The official Xinhua News Agency said the latest death was a baby in the far western region of Xinjiang. However, an official at the No. 2 Agriculture and Production Corps. Hospital in Yanqi, Xinjiang, said it was too early to say if the 8-month-old baby died of complications caused by the tainted milk powder.
Shi said Hebei police and government officials were starting a 10-day campaign to focus on melamine contamination. Suppliers to the dairy companies are believed to have added the banned chemical, normally used in plastics, to watered-down milk to make it appear higher in protein.
Police also confiscated 660 pounds of suspected chemicals, including 490 pounds of melamine, he said. An additional 87 people were summoned for questioning and 28 people have been detained, according to Shijiazhuang Vice Mayor Zhang Meizhi.
One suspect, surnamed Su, told police that from February 2007 to July 2008 he bought 200 44-pound sacks of melamine $29 each, and sold them all to milk suppliers, Shi told a news conference.
At the Beijing Children's Hospital Thursday, more than 1,000 anxious parents waited for check ups as they carried their sleeping infants and toddlers. By 2 p.m, doctors had seen only half of the 1,200 who waited in line.
Nervous parents said their children had all been drinking three major brands of baby milk powder, all of which have been recalled after government tests found melamine.
Fang Sunyi, 28, who was holding her 3-month-old son, said he had been fed Sanlu Group Co. and Guangdong-based Yashili since birth.
"I'm just praying there's nothing wrong with my son," she said. "We first fed him Sanlu, then stopped because that was reported to be bad quality, then we switched to Yashili, but now there's nothing left.
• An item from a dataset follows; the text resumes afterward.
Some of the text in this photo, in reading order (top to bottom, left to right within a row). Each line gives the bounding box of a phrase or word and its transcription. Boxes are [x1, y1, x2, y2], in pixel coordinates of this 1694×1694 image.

We don't know what's safe anymore and we don't want to take any chances."
In Shijiazhuang, Hebei's capital, the new chairman and chief executive officer of Sanlu, the dairy company whose milk powder has been linked to all of the known illnesses, apologized at a news conference Thursday.
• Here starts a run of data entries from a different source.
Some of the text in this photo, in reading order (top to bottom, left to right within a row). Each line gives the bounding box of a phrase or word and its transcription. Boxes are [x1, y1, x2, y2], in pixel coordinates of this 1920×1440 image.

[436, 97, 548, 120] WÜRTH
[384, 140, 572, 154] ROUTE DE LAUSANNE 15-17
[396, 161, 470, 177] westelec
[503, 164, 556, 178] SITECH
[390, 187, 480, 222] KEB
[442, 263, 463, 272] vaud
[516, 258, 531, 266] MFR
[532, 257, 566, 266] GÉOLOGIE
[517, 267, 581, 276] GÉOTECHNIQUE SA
Zhang Zhenling said he wanted to "express deepest apologies" for the tainted milk powder and for "harm and losses to consumers." He then bowed three times.
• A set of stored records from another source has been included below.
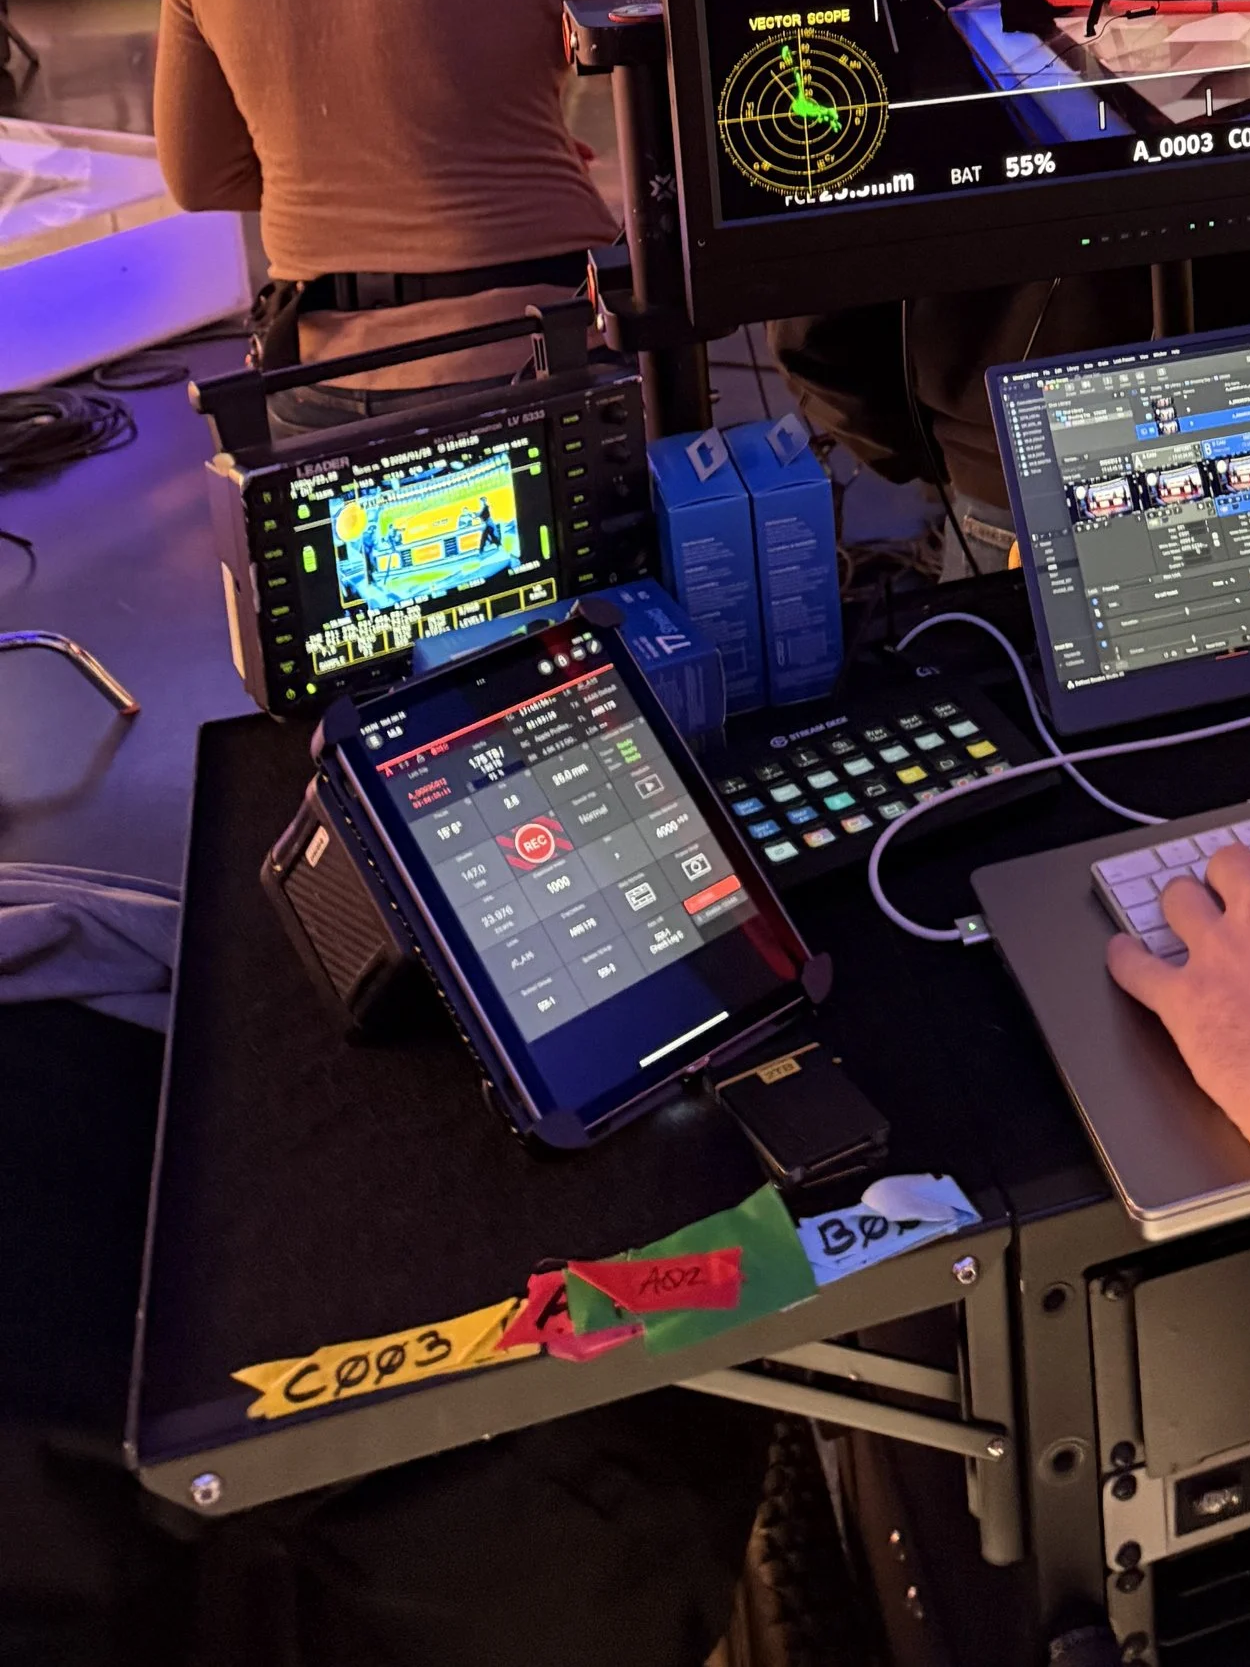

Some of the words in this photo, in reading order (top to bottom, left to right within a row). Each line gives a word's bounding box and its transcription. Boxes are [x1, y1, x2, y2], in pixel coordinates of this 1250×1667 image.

[749, 13, 801, 31] VECTOR
[806, 9, 851, 26] SCOPE
[1133, 133, 1214, 162] A_0003
[951, 165, 982, 185] BAT
[1005, 152, 1056, 178] 55%
[1203, 442, 1212, 456] B
[296, 455, 350, 478] LEADER
[1134, 455, 1143, 470] A
[789, 723, 825, 741] STREAM
[523, 834, 548, 854] REC
Zhang pledged that Sanlu would "turn pressure in motivation" to resolve the crisis properly. His predecessor was fired earlier this week and has been detained by police.
Parents gathered outside Sanlu's headquarters in Shijiazhuang to get refunds for their purchases of tainted milk powder. The mood was calm but there was confusion as parents traded tips on what products they thought were safe.
A 30-year-old mother who gave only her surname Wang said her 1-year-old daughter seemed healthy but that she was still worried. The three major milk powder brands that she usually buys - Yili Industrial Group Co., Mengniu Dairy Co. and Sanlu - have all been recalled.
"Of course as a mother, I was really nervous," she said. "Now we have no idea what kind of milk to give the baby. They all have problems."
The widening crisis has raised questions about the effectiveness of tighter controls China promised after a series of food safety scares in recent years over contaminated seafood, toothpaste and ingredients for pet food.
The Hong Kong recall covers milk, yogurt, ice cream and all other products made by Yili Industrial Group Co. and distributed in Hong Kong, said Constance Chan, controller for the territory's Food Safety Center.
In addition to the recall in Hong Kong, Singapore authorities announced they were recalling an ice cream bar made by Shanghai Yili AB Foods after melamine was found in it.
China's government has dispatched thousands of inspectors to monitor milk powder producers after health officials reported Wednesday that the number of babies sickened by tainted formula rose to 6,244.
This is the second major case in recent years involving baby formula. In 2004, more than 200 Chinese infants suffered malnutrition and at least 12 died after being fed phony formula that contained no nutrients.